:: What is required ::
Your task is to give the entries back exactly, leaving nothing out.

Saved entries
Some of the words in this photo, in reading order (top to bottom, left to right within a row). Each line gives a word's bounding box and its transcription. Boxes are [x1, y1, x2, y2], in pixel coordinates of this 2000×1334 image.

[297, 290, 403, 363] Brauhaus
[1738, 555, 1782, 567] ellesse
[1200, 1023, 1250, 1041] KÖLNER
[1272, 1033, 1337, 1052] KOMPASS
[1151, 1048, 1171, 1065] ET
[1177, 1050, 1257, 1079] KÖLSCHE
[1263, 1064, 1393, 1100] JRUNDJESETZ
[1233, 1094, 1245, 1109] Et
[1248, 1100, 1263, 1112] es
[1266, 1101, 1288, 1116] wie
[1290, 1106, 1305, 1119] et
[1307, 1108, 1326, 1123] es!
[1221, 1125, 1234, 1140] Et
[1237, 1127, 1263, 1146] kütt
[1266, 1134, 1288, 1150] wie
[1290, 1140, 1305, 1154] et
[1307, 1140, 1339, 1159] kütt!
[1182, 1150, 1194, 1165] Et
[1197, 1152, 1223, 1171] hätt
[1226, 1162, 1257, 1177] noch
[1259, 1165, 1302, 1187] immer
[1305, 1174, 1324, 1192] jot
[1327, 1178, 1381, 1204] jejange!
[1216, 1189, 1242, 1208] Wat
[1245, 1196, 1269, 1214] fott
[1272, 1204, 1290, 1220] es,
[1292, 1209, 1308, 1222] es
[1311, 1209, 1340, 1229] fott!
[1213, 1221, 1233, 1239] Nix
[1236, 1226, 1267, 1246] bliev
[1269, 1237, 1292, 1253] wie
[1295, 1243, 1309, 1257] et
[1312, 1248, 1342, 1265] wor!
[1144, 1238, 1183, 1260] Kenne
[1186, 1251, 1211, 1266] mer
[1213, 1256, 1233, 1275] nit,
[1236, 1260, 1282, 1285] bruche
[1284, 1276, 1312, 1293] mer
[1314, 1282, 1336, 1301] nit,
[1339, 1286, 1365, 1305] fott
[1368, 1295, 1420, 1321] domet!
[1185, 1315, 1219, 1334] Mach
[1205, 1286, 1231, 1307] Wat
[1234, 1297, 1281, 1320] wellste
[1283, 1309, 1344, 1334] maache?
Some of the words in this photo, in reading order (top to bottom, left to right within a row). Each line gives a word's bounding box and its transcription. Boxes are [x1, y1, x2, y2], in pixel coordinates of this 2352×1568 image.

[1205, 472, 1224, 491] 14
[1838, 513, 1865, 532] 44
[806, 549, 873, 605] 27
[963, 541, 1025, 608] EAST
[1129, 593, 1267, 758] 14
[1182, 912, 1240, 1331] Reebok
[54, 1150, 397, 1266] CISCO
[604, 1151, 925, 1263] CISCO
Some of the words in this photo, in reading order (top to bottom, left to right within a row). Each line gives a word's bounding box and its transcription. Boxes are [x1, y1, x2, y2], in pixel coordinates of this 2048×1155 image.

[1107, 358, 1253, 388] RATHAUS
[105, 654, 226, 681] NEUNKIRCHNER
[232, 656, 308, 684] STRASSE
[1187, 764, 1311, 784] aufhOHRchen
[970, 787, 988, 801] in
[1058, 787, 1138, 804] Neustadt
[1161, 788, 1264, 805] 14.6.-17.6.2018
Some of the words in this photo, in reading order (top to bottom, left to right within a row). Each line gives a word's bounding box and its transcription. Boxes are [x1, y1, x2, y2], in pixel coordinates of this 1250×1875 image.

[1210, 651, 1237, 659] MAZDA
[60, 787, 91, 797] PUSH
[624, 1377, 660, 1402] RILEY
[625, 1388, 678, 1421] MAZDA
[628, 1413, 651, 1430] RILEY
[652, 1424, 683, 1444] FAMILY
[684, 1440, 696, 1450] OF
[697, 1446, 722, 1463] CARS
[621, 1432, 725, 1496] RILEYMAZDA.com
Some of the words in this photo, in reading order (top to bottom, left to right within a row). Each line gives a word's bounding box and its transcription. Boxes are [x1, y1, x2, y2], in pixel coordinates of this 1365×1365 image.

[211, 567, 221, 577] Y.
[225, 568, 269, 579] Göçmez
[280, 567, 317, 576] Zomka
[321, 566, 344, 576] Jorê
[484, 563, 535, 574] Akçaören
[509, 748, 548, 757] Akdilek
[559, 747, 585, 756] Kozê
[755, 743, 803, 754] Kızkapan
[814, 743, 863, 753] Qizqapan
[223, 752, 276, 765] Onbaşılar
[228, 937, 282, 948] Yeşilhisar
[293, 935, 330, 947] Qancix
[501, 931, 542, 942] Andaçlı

:: Result ::
Some of the words in this photo, in reading order (top to bottom, left to right within a row). Each line gives a word's bounding box and its transcription. Boxes are [x1, y1, x2, y2], in pixel coordinates of this 2000×1334 image.

[297, 290, 403, 363] Brauhaus
[1738, 555, 1782, 567] ellesse
[1200, 1023, 1250, 1041] KÖLNER
[1272, 1033, 1337, 1052] KOMPASS
[1151, 1048, 1171, 1065] ET
[1177, 1050, 1257, 1079] KÖLSCHE
[1263, 1064, 1393, 1100] JRUNDJESETZ
[1233, 1094, 1245, 1109] Et
[1248, 1100, 1263, 1112] es
[1266, 1101, 1288, 1116] wie
[1290, 1106, 1305, 1119] et
[1307, 1108, 1326, 1123] es!
[1221, 1125, 1234, 1140] Et
[1237, 1127, 1263, 1146] kütt
[1266, 1134, 1288, 1150] wie
[1290, 1140, 1305, 1154] et
[1307, 1140, 1339, 1159] kütt!
[1182, 1150, 1194, 1165] Et
[1197, 1152, 1223, 1171] hätt
[1226, 1162, 1257, 1177] noch
[1259, 1165, 1302, 1187] immer
[1305, 1174, 1324, 1192] jot
[1327, 1178, 1381, 1204] jejange!
[1216, 1189, 1242, 1208] Wat
[1245, 1196, 1269, 1214] fott
[1272, 1204, 1290, 1220] es,
[1292, 1209, 1308, 1222] es
[1311, 1209, 1340, 1229] fott!
[1213, 1221, 1233, 1239] Nix
[1236, 1226, 1267, 1246] bliev
[1269, 1237, 1292, 1253] wie
[1295, 1243, 1309, 1257] et
[1312, 1248, 1342, 1265] wor!
[1144, 1238, 1183, 1260] Kenne
[1186, 1251, 1211, 1266] mer
[1213, 1256, 1233, 1275] nit,
[1236, 1260, 1282, 1285] bruche
[1284, 1276, 1312, 1293] mer
[1314, 1282, 1336, 1301] nit,
[1339, 1286, 1365, 1305] fott
[1368, 1295, 1420, 1321] domet!
[1185, 1315, 1219, 1334] Mach
[1205, 1286, 1231, 1307] Wat
[1234, 1297, 1281, 1320] wellste
[1283, 1309, 1344, 1334] maache?
Some of the words in this photo, in reading order (top to bottom, left to right within a row). Each line gives a word's bounding box and its transcription. Boxes are [x1, y1, x2, y2], in pixel coordinates of this 2352×1568 image.

[1205, 472, 1224, 491] 14
[1838, 513, 1865, 532] 44
[806, 549, 873, 605] 27
[963, 541, 1025, 608] EAST
[1129, 593, 1267, 758] 14
[1182, 912, 1240, 1331] Reebok
[54, 1150, 397, 1266] CISCO
[604, 1151, 925, 1263] CISCO
Some of the words in this photo, in reading order (top to bottom, left to right within a row). Each line gives a word's bounding box and its transcription. Boxes are [x1, y1, x2, y2], in pixel coordinates of this 2048×1155 image.

[1107, 358, 1253, 388] RATHAUS
[105, 654, 226, 681] NEUNKIRCHNER
[232, 656, 308, 684] STRASSE
[1187, 764, 1311, 784] aufhOHRchen
[970, 787, 988, 801] in
[1058, 787, 1138, 804] Neustadt
[1161, 788, 1264, 805] 14.6.-17.6.2018
Some of the words in this photo, in reading order (top to bottom, left to right within a row). Each line gives a word's bounding box and its transcription. Boxes are [x1, y1, x2, y2], in pixel coordinates of this 1250×1875 image.

[1210, 651, 1237, 659] MAZDA
[60, 787, 91, 797] PUSH
[624, 1377, 660, 1402] RILEY
[625, 1388, 678, 1421] MAZDA
[628, 1413, 651, 1430] RILEY
[652, 1424, 683, 1444] FAMILY
[684, 1440, 696, 1450] OF
[697, 1446, 722, 1463] CARS
[621, 1432, 725, 1496] RILEYMAZDA.com
Some of the words in this photo, in reading order (top to bottom, left to right within a row). Each line gives a word's bounding box and its transcription. Boxes are [x1, y1, x2, y2], in pixel coordinates of this 1365×1365 image.

[211, 567, 221, 577] Y.
[225, 568, 269, 579] Göçmez
[280, 567, 317, 576] Zomka
[321, 566, 344, 576] Jorê
[484, 563, 535, 574] Akçaören
[509, 748, 548, 757] Akdilek
[559, 747, 585, 756] Kozê
[755, 743, 803, 754] Kızkapan
[814, 743, 863, 753] Qizqapan
[223, 752, 276, 765] Onbaşılar
[228, 937, 282, 948] Yeşilhisar
[293, 935, 330, 947] Qancix
[501, 931, 542, 942] Andaçlı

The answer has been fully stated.